[Work instructions] The result should be the full listing copied exactly, with no pictures in it.

-- Data supplied follows --

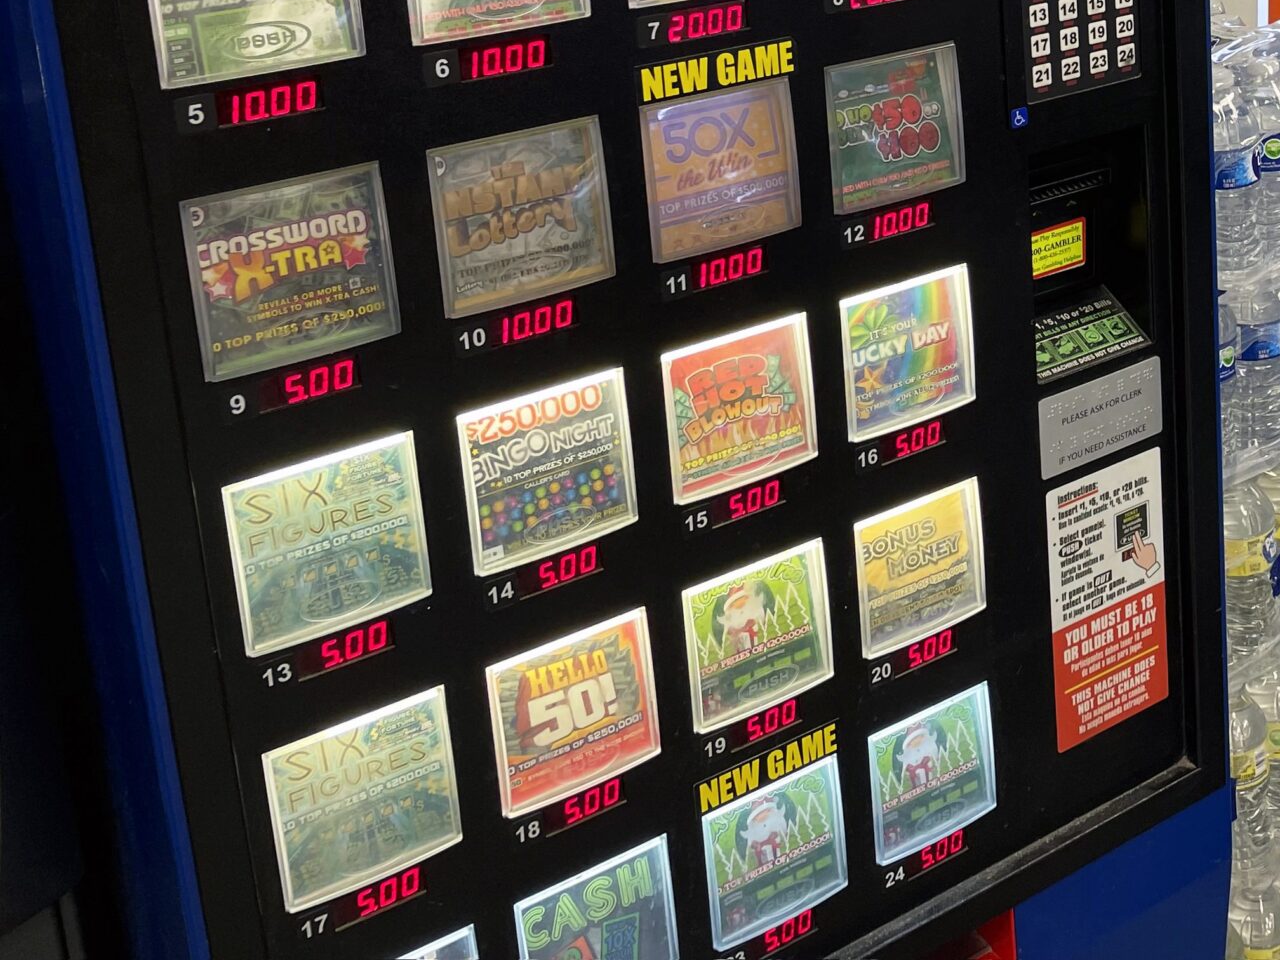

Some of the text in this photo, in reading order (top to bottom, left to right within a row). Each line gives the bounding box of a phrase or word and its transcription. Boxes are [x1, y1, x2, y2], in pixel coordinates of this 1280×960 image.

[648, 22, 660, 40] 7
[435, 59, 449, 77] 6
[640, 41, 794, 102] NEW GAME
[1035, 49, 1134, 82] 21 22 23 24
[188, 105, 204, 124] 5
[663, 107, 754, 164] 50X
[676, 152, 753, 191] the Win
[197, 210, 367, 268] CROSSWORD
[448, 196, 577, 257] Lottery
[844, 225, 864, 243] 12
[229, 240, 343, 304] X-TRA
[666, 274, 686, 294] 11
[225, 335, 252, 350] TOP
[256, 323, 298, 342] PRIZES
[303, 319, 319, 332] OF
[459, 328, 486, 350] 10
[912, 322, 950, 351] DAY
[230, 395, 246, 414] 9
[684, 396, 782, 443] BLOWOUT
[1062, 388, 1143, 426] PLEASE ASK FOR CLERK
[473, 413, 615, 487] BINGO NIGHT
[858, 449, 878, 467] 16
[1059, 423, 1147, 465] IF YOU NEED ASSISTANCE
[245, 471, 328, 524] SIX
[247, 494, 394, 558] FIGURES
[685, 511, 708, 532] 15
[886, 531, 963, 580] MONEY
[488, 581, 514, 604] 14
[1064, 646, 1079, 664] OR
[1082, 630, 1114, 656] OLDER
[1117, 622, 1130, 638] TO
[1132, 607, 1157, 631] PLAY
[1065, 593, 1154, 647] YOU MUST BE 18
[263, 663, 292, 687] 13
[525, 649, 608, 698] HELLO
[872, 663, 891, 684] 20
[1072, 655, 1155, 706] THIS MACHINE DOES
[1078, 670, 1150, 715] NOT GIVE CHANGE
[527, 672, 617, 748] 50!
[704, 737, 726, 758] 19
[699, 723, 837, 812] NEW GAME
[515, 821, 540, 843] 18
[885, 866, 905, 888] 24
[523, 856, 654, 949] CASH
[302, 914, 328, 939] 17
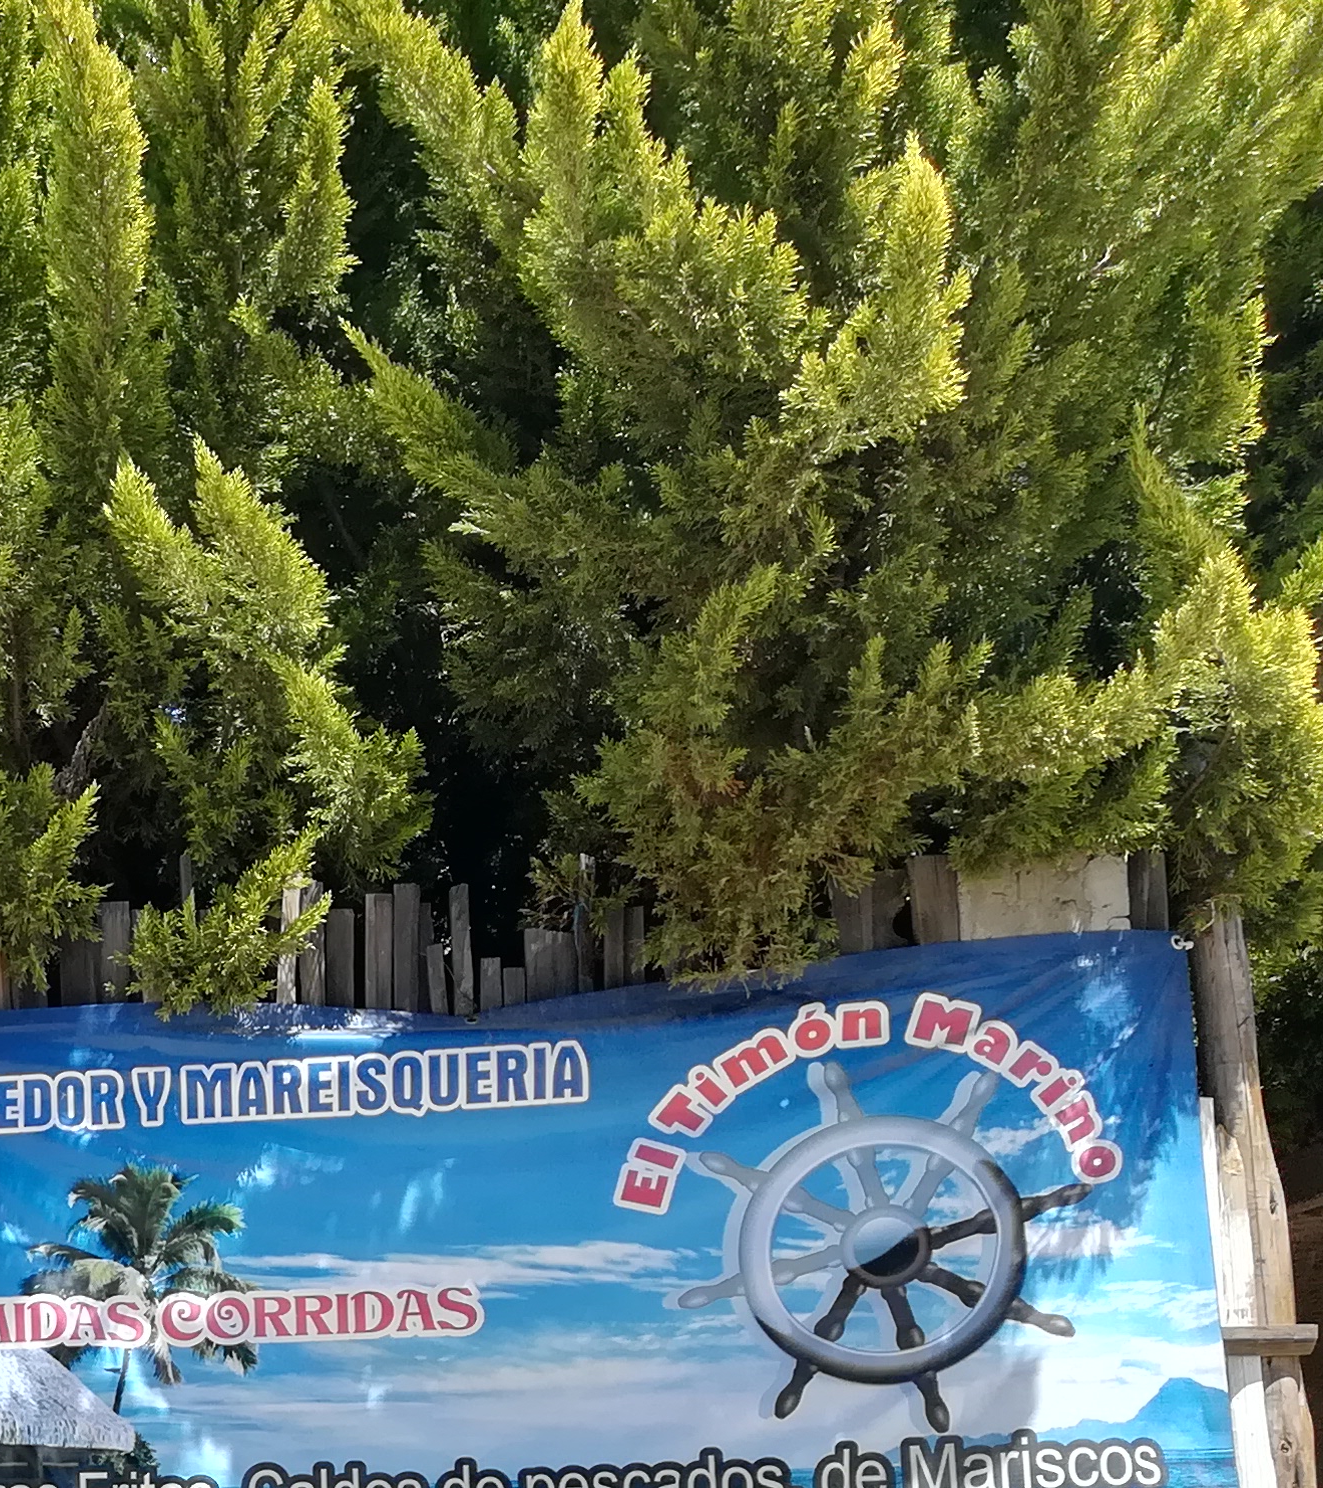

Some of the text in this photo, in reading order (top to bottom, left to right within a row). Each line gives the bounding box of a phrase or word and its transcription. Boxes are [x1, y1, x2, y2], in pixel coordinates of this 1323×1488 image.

-- Data supplied concluded --

[Answer space]
Some of the text in this photo, in reading order (top to bottom, left to right within a row). Each line gives the bounding box of a phrase or word and its transcription. Boxes are [x1, y1, x2, y2], in pixel coordinates of this 1280×960 image.

[648, 22, 660, 40] 7
[435, 59, 449, 77] 6
[640, 41, 794, 102] NEW GAME
[1035, 49, 1134, 82] 21 22 23 24
[188, 105, 204, 124] 5
[663, 107, 754, 164] 50X
[676, 152, 753, 191] the Win
[197, 210, 367, 268] CROSSWORD
[448, 196, 577, 257] Lottery
[844, 225, 864, 243] 12
[229, 240, 343, 304] X-TRA
[666, 274, 686, 294] 11
[225, 335, 252, 350] TOP
[256, 323, 298, 342] PRIZES
[303, 319, 319, 332] OF
[459, 328, 486, 350] 10
[912, 322, 950, 351] DAY
[230, 395, 246, 414] 9
[684, 396, 782, 443] BLOWOUT
[1062, 388, 1143, 426] PLEASE ASK FOR CLERK
[473, 413, 615, 487] BINGO NIGHT
[858, 449, 878, 467] 16
[1059, 423, 1147, 465] IF YOU NEED ASSISTANCE
[245, 471, 328, 524] SIX
[247, 494, 394, 558] FIGURES
[685, 511, 708, 532] 15
[886, 531, 963, 580] MONEY
[488, 581, 514, 604] 14
[1064, 646, 1079, 664] OR
[1082, 630, 1114, 656] OLDER
[1117, 622, 1130, 638] TO
[1132, 607, 1157, 631] PLAY
[1065, 593, 1154, 647] YOU MUST BE 18
[263, 663, 292, 687] 13
[525, 649, 608, 698] HELLO
[872, 663, 891, 684] 20
[1072, 655, 1155, 706] THIS MACHINE DOES
[1078, 670, 1150, 715] NOT GIVE CHANGE
[527, 672, 617, 748] 50!
[704, 737, 726, 758] 19
[699, 723, 837, 812] NEW GAME
[515, 821, 540, 843] 18
[885, 866, 905, 888] 24
[523, 856, 654, 949] CASH
[302, 914, 328, 939] 17

Some of the text in this photo, in reading order (top to bottom, left to right within a row). Each line gives the bounding box of a phrase or word and its transcription. Boxes are [x1, y1, x2, y2], in pixel coordinates of this 1323×1488 image.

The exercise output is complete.